In late August, the Trump administration announced a $750 million deal to buy 150 million rapid Covid-19 tests from Abbott Laboratories. However, experts said that number of tests is not nearly enough given how it's supposed to be used, and how frequently, and how many Americans there are.

So, how will rapid tests be used in the future?

There is some debate around whether rapid COVID-19 tests will be issued by professionals at schools and office buildings, or if they will be used at-home.

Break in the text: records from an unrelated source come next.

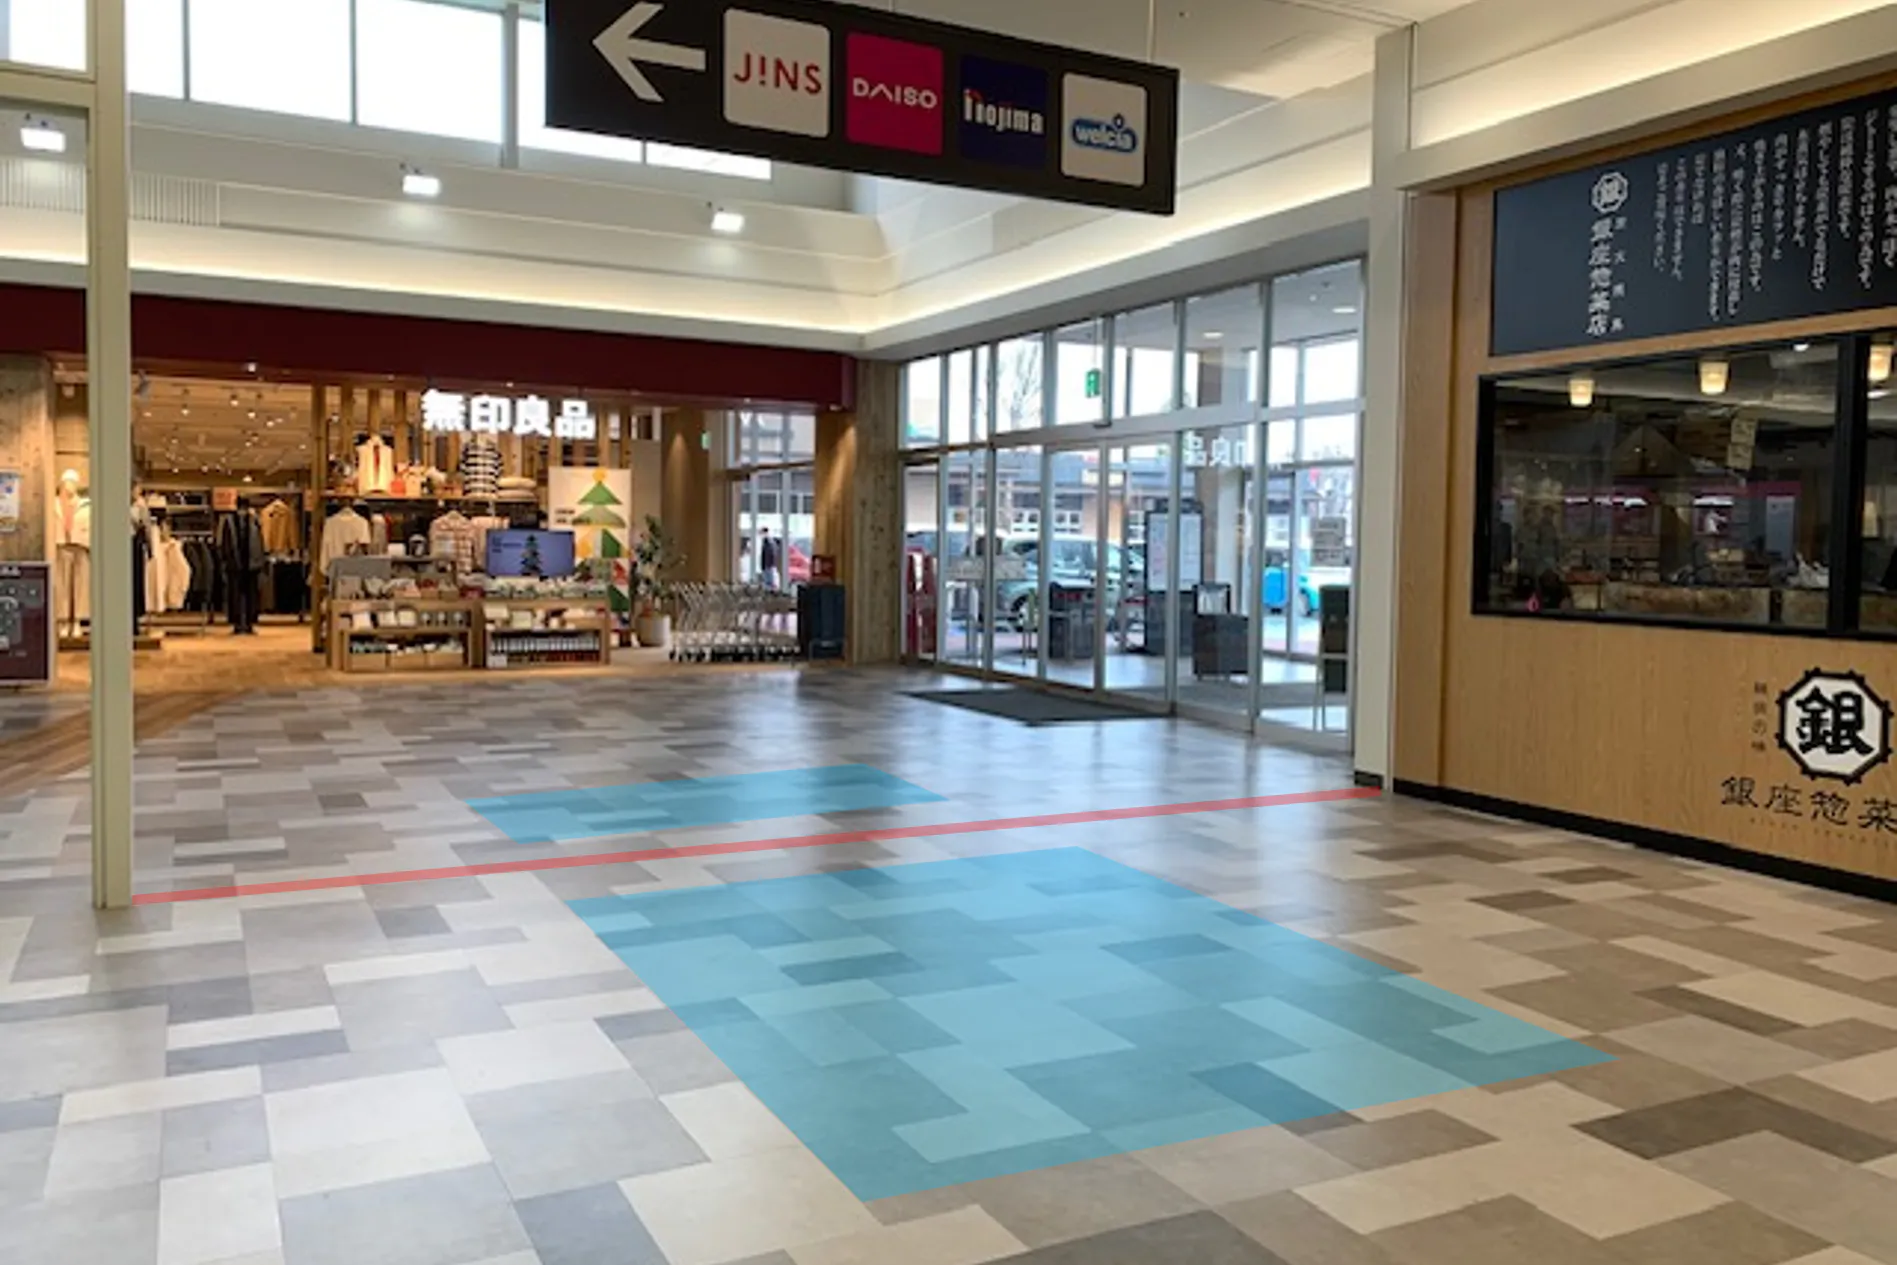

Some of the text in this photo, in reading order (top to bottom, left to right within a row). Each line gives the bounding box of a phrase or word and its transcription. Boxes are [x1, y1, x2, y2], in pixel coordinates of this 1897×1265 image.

[853, 77, 938, 110] DAISO
[421, 389, 596, 439] 無印良品
[1795, 686, 1874, 756] 銀
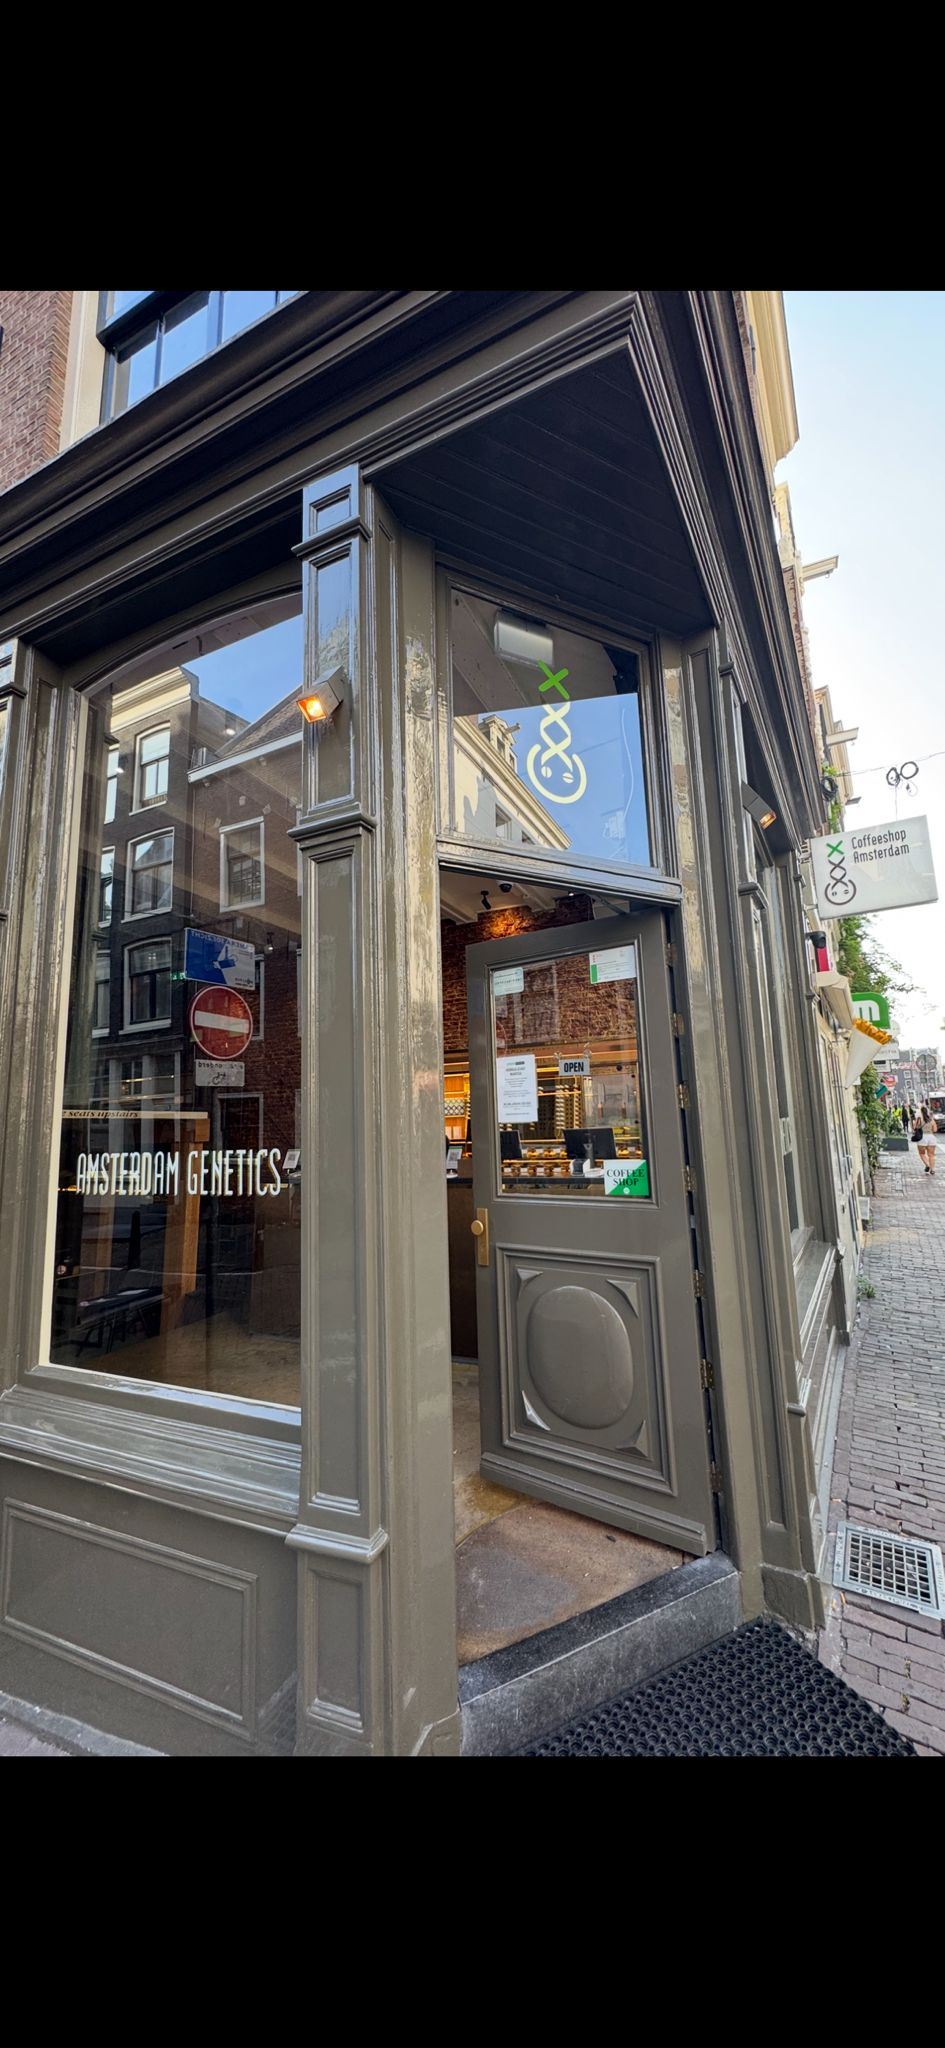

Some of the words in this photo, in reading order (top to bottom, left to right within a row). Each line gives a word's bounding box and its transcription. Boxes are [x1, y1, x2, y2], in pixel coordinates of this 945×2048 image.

[851, 829, 907, 850] Coffeeshop
[853, 844, 910, 864] Amsterdam
[563, 1061, 584, 1073] OPEN
[97, 1110, 138, 1119] upstairs
[76, 1151, 180, 1196] AMSTERDAM
[187, 1148, 282, 1197] GENETICS
[606, 1168, 645, 1178] COFFEE
[612, 1178, 639, 1187] SHOP
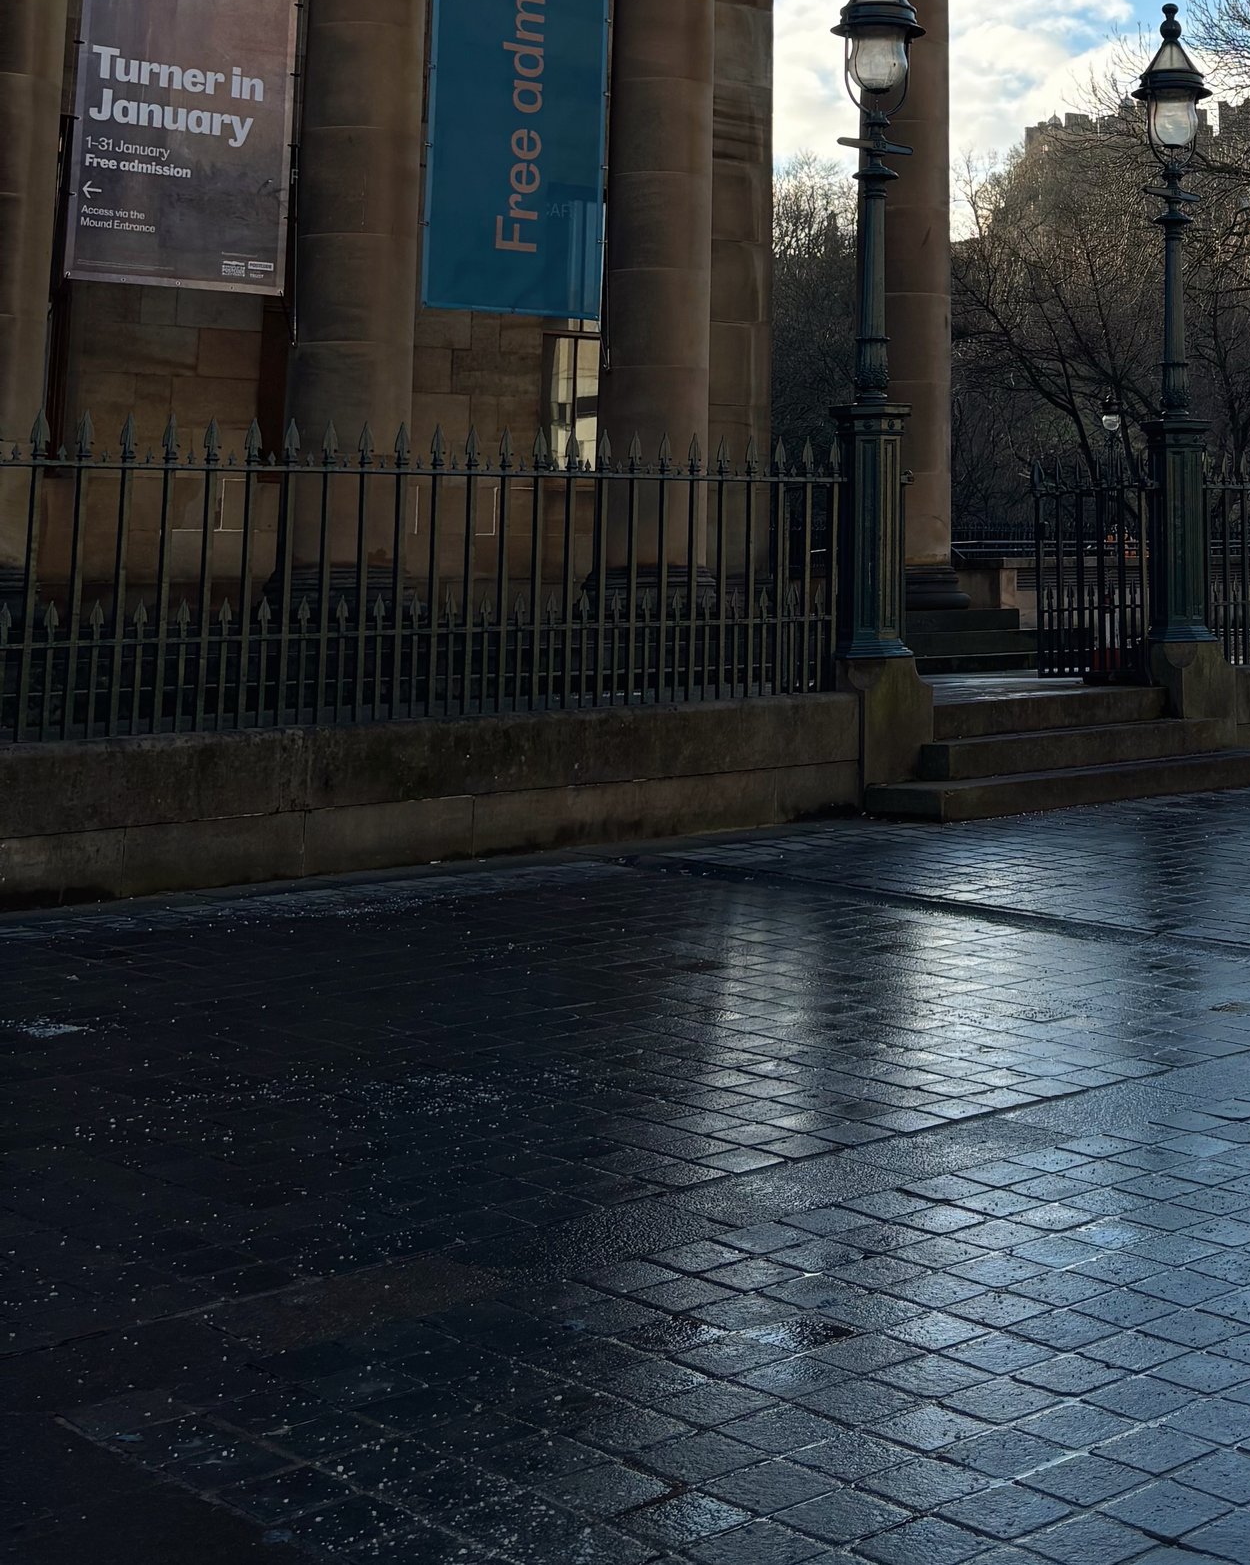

"I think we have the technology, and people can test themselves for HIV at home, but there's no reason that they shouldn't be able to test themselves for COVID-19 at home," Adalja said. "But again, then there's regulatory barriers to try and get an at-home test approved for use by the FDA."

DeRisi told Salon he would be concerned that at-home testing would come with its own set of issues— like people not reporting that they're positive, or going to work when they're positive anyway for a variety of reasons.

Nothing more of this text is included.